The operation used in this series is safe as indicated by the fact that the early mortality for patients operated on electively in the entire series was 0.97%, with no mortality in those with the clinical manifestation of Marfan's syndrome. Multivariate analysis showed duration of symptoms, NYHA functional class, history of myocardial infarction, and emergency operation as incremental risk factors for early death.

In this series late survival depended on the original type of disease with an actuarial survival of patients undergoing resection of chronic aneurysm of 93.3%, 88.0%, 79.0, and 57.9% at 1, 5, 10, and 15 years and 96.8%, 91.2%, 82.0%, and 60% in those undergoing an elective procedure. These figures compare favorably to those reported for composite replacement of the aortic root using prosthetic valves. ^1-5 In the absence of a randomized prospective trial or accurately matching patient characteristics any meaningful comparison is difficult, if not impossible. However, the valve-sparing operation should yield superior results in terms of late survival because of superior hemodynamics, virtual lack of valve-related complications, and the apparently stable aortic valve function. The pattern of early and late survival after repair can be expected to improve further because of increased experience and earlier operations; this is suggested by the multivariant analysis of predictors of survival in this series.

In this series routine anticoagulation was not used. Endocarditis and thromboembolism were not encountered except in two patients operated on early in the series in whom cusp extension using glutaraldehyde-tanned pericardium was used. The low incidence of valve-related complications and the lack of need for anticoagulation could have important implications on the quality of life in these patients.

Patients with the Marfan's syndrome are an important group that can benefit greatly from this operation. This applies to those who have acute dissections, chronic aneurysms, or both. This stems from the fact that these patients are usually younger and have a potentially compromised left ventricle, and the lack of anticoagulation and better hemodynamics can be particularly valuable. In addition, they could require orthopedic interventions that could be rendered hazardous by anticoagulation necessitated by the use of a prosthetic valve. In this series clinical manifestations of Marfan's syndrome were present in 68 patients. For these patients actuarial survival was 90.9%, 85.3%, 81.9%, and 63.8% at 1, 5, 10, and 15 years.

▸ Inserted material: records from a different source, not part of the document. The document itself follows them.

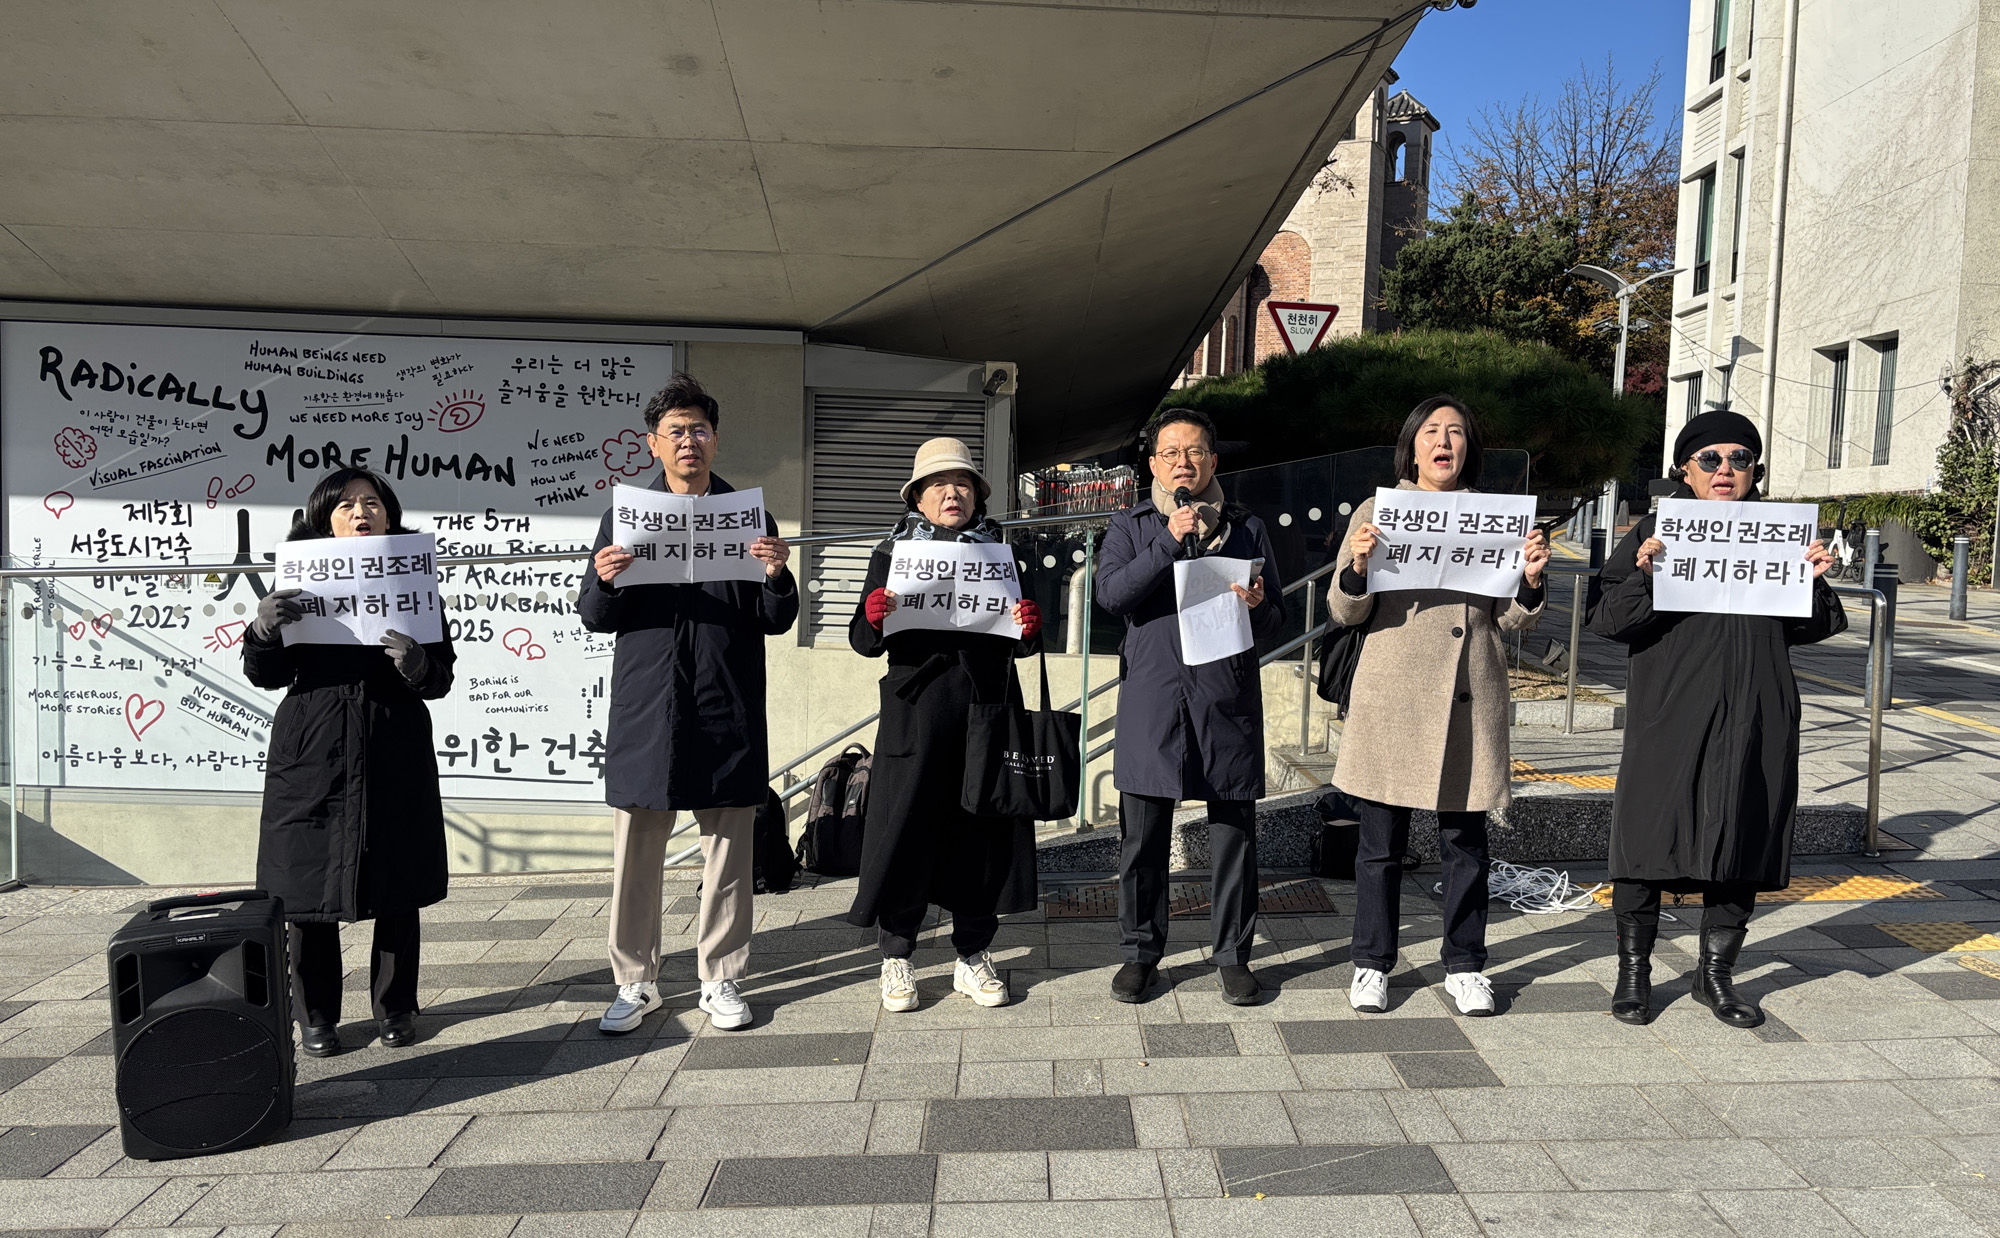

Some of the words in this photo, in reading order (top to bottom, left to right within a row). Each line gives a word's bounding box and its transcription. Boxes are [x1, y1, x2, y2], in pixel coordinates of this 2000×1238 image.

[1287, 313, 1318, 327] 천천히
[1290, 326, 1315, 335] SLOW
[250, 340, 298, 359] HUMAN
[303, 348, 348, 362] BEINGS
[353, 352, 387, 364] NEED
[244, 360, 292, 376] HUMAN
[297, 366, 364, 384] BUILDINGS
[396, 364, 427, 381] 생각의
[430, 353, 461, 370] 변화가
[432, 364, 474, 387] 필요하다
[511, 354, 564, 375] 우리는
[574, 356, 591, 372] 더
[601, 356, 636, 381] 많은
[303, 394, 339, 403] 지루함은
[342, 392, 372, 402] 환경에
[374, 389, 405, 402] 해롭다
[498, 379, 569, 408] 즐거움을
[577, 384, 640, 408] 원한다!
[90, 425, 113, 437] 어떤
[94, 410, 130, 423] 사람이
[135, 414, 168, 430] 건물이
[172, 417, 208, 433] 된다면
[290, 412, 308, 423] WE
[313, 412, 347, 424] NEED
[352, 411, 389, 422] MORE
[394, 412, 424, 431] JOY
[527, 429, 549, 450] WE
[553, 432, 585, 447] NEED
[89, 467, 137, 487] VISUAL
[139, 441, 222, 473] FASCINATION
[266, 434, 373, 482] MORE
[385, 434, 516, 487] HUMAN
[531, 458, 548, 468] TO
[552, 448, 599, 465] CHANGE
[530, 475, 555, 487] HOW
[560, 471, 576, 481] WE
[535, 485, 589, 507] THINK
[123, 500, 192, 527] 제5회
[433, 514, 476, 531] THE
[483, 508, 530, 533] 5TH
[617, 506, 687, 531] 학생인
[693, 506, 762, 531] 권조례
[1378, 507, 1449, 533] 학생인
[1458, 512, 1529, 538] 권조례
[1661, 518, 1732, 542] 학생인
[1738, 521, 1812, 547] 권조례
[32, 537, 41, 569] ERILE
[70, 527, 192, 567] 서울도시건축
[436, 537, 498, 557] SEOUL
[1386, 543, 1520, 570] 폐지하라!
[282, 557, 354, 582] 학생인
[360, 552, 432, 579] 권조례
[438, 566, 457, 583] OF
[894, 558, 956, 581] 학생인
[962, 561, 1017, 583] 권조례
[1672, 557, 1805, 585] 폐지하라!
[31, 581, 41, 611] FROM
[486, 592, 579, 615] URBANIS
[48, 603, 55, 615] TO
[127, 604, 192, 629] 2025
[449, 619, 494, 642] 025
[552, 630, 564, 643] 천
[584, 640, 616, 653] 사고방
[33, 651, 142, 671] 기능으로서의
[155, 655, 203, 677] '감정'
[28, 688, 59, 699] MORE
[63, 690, 122, 701] GENEROUS,
[469, 676, 508, 690] BORING
[511, 675, 519, 684] IS
[192, 685, 220, 704] NOT
[221, 699, 274, 729] BEAUTIF
[469, 693, 489, 701] BAD
[492, 691, 511, 700] FOR
[514, 689, 533, 698] OUR
[40, 704, 72, 713] MORE
[76, 704, 122, 716] STORIES
[180, 696, 205, 713] BUT
[206, 710, 250, 738] HUMAN
[485, 704, 549, 714] COMMUNITIES
[42, 744, 178, 770] 아름다움보다,
[185, 750, 267, 772] 사람다운
[437, 726, 529, 774] 위한
[541, 729, 607, 779] 건축

In conclusion, this study has shown that the valve-sparing operation designed to maintain mobility of the different valve components can be performed in most patients with chronic aneurysms or dissection of the aortic root. The early and long-term results are very encouraging, particularly in patients operated on early in the natural history of the disease. These findings warrant wider application of the technique.

Appendix: Discussion

Dr. Tirone E. David (Toronto, Ontario, Canada). Our experience with the aortic valve–sparing operations in patients with aortic aneurysms is more recent than yours. We only started doing them in 1988, and to date, we have operated on 105 patients.

During the same interval, we had done 111 composite replacements of the aortic valve and the ascending aorta. Therefore approximately half of our patients with aortic root aneurysms had this operation. The other ones who could not have it mostly had the bicuspid aortic valve, and that is the reason why we did not perform them.

Unlike what you described, we perform multiple different operations in these patients. Only about half of them had all three aortic sinuses replaced. The decision to replace the aortic sinuses was dependent on the pathologic condition and the mechanism of aortic insufficiency.

Many patients who have an ascending aortic aneurysm do not have a dilated aortic anulus or sinus of Valsalva, and aortic insufficiency is solely due to distortion of the sinotubular junction. By adjusting the sinotubular junction alone, we have been able to make these aortic valves competent.

I was surprised to hear you say that patients with Marfan's syndrome do not have annuloaortic ectasia and that this was a misnomer. Our patients with Marfan's syndrome and other patients as well, who had a dilated aortic root, almost consistently had a large aortic anulus. The dilatation is only in the fibrous component of the outflow tract, and I believe that in those patients, one has to perform a reduction annuloplasty to allow the leaflets to coapt better.

I have a few questions for Sir Magdi. The first one is, do you not believe that annuloplasty is necessary in patients with dilated aortic anulus?

Second, would you tell us which patients had their procedure fail? Of the 19 failures occurring in 158 patients, were they all Marfan's syndrome? How many had Marfan's syndrome? We have the impression, although our data do not support this yet, that they are more likely to fail. We have had only one failure; however, we have operated only on 28 patients with Marfan's syndrome.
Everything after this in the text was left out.